>>

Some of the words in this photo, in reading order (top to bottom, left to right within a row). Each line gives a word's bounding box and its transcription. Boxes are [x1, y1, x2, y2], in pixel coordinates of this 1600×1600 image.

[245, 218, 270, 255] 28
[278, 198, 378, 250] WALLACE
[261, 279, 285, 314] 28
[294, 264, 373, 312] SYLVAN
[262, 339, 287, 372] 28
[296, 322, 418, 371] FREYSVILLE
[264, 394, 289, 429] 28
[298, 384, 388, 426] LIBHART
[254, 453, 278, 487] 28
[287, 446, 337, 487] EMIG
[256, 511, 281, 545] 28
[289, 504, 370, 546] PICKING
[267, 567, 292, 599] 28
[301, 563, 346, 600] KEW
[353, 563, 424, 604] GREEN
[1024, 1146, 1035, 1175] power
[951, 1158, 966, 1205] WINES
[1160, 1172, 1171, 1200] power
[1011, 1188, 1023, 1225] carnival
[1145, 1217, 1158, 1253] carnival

<<

What the task requires
A complete, exact repeat of the records is the required answer.

Problem solution
Some of the words in this photo, in reading order (top to bottom, left to right within a row). Each line gives a word's bounding box and its transcription. Boxes are [x1, y1, x2, y2], in pixel coordinates of this 1600×1600 image.

[245, 218, 270, 255] 28
[278, 198, 378, 250] WALLACE
[261, 279, 285, 314] 28
[294, 264, 373, 312] SYLVAN
[262, 339, 287, 372] 28
[296, 322, 418, 371] FREYSVILLE
[264, 394, 289, 429] 28
[298, 384, 388, 426] LIBHART
[254, 453, 278, 487] 28
[287, 446, 337, 487] EMIG
[256, 511, 281, 545] 28
[289, 504, 370, 546] PICKING
[267, 567, 292, 599] 28
[301, 563, 346, 600] KEW
[353, 563, 424, 604] GREEN
[1024, 1146, 1035, 1175] power
[951, 1158, 966, 1205] WINES
[1160, 1172, 1171, 1200] power
[1011, 1188, 1023, 1225] carnival
[1145, 1217, 1158, 1253] carnival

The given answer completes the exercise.